● **Data for analysis**

=== Section Start ===

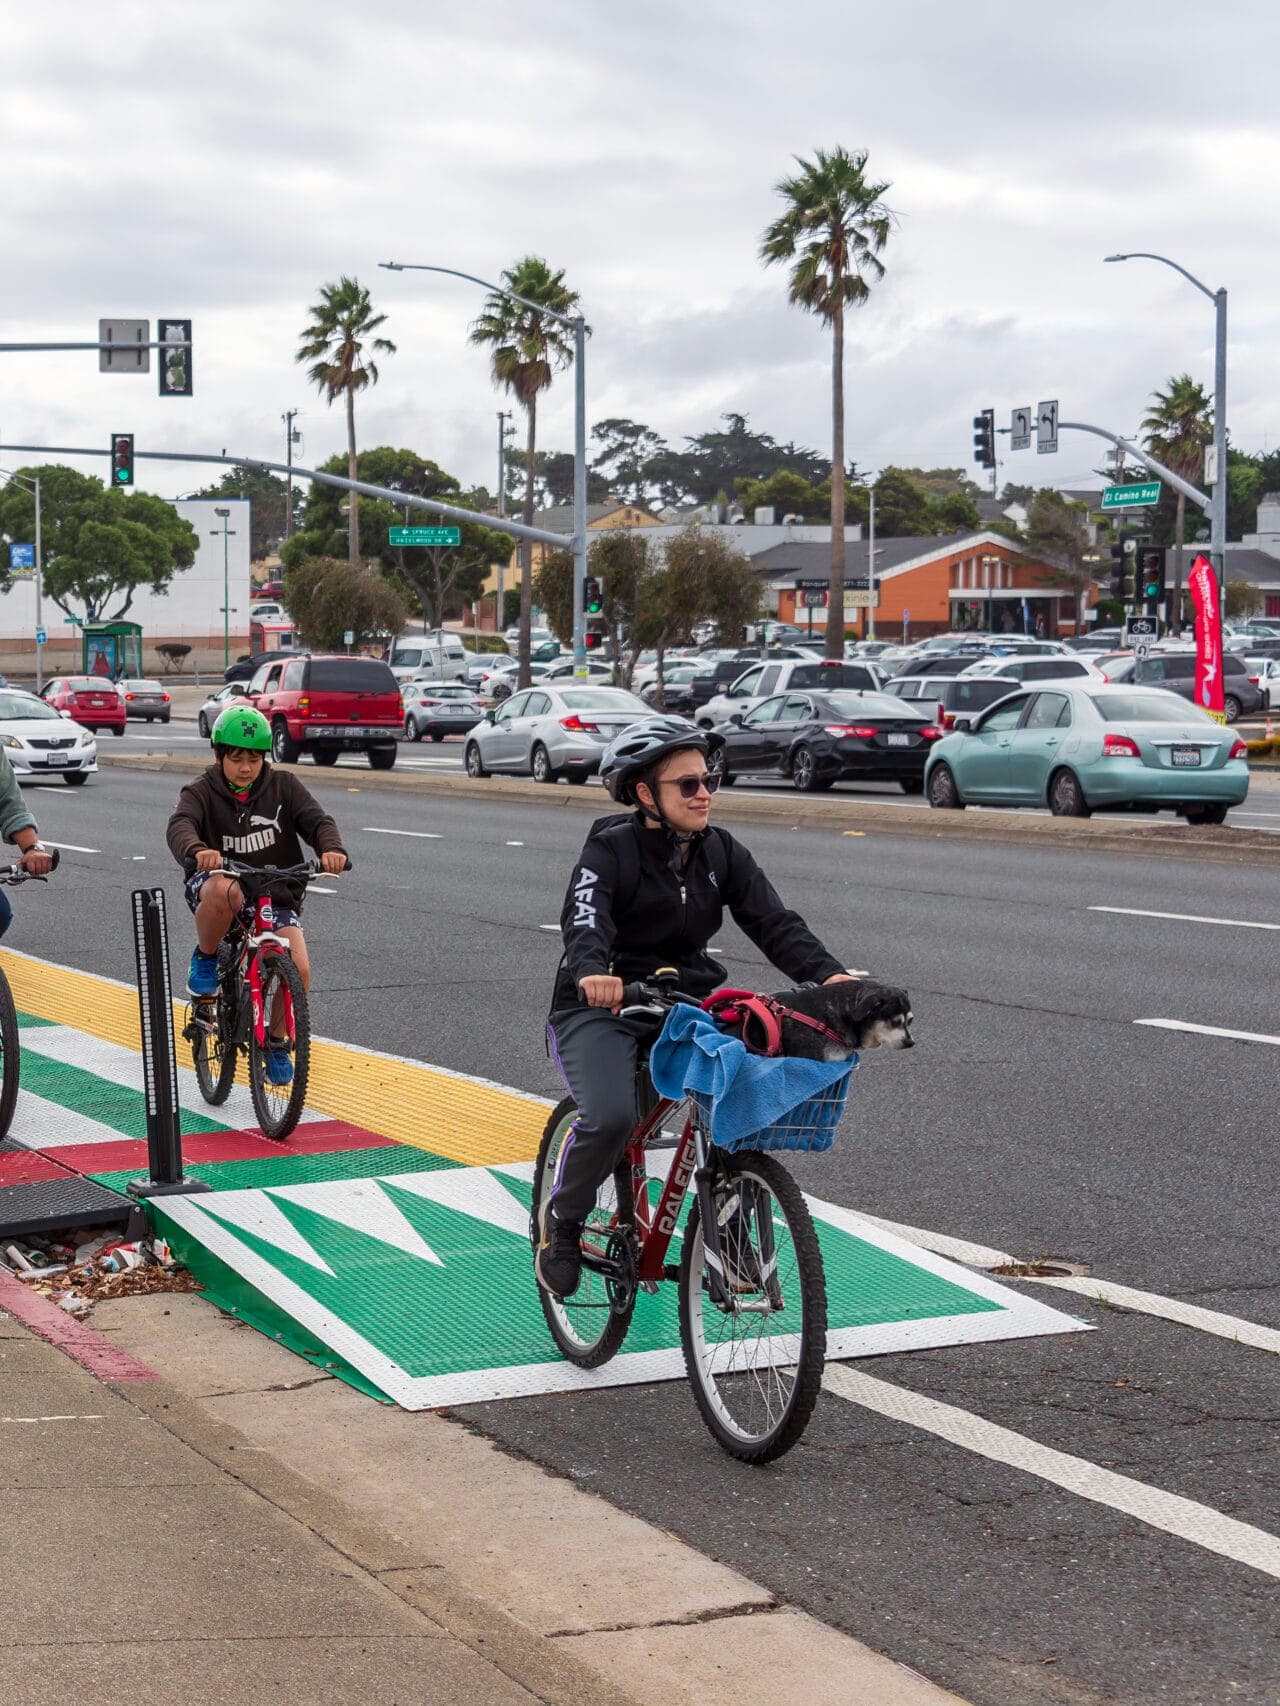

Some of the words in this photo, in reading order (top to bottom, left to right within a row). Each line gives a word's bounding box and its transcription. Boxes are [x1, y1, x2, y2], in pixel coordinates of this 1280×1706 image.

[1105, 493, 1113, 502] El
[1115, 490, 1139, 501] Camino
[1142, 488, 1157, 498] Real
[222, 827, 276, 854] PUMA
[573, 867, 599, 928] AFAT
[658, 1130, 697, 1236] RALEIG

=== Section End ===

Return the complete material exactly as it appears, without images.

● **Written response**
Some of the words in this photo, in reading order (top to bottom, left to right within a row). Each line gives a word's bounding box and its transcription. Boxes are [x1, y1, x2, y2], in pixel coordinates of this 1280×1706 image.

[1105, 493, 1113, 502] El
[1115, 490, 1139, 501] Camino
[1142, 488, 1157, 498] Real
[222, 827, 276, 854] PUMA
[573, 867, 599, 928] AFAT
[658, 1130, 697, 1236] RALEIG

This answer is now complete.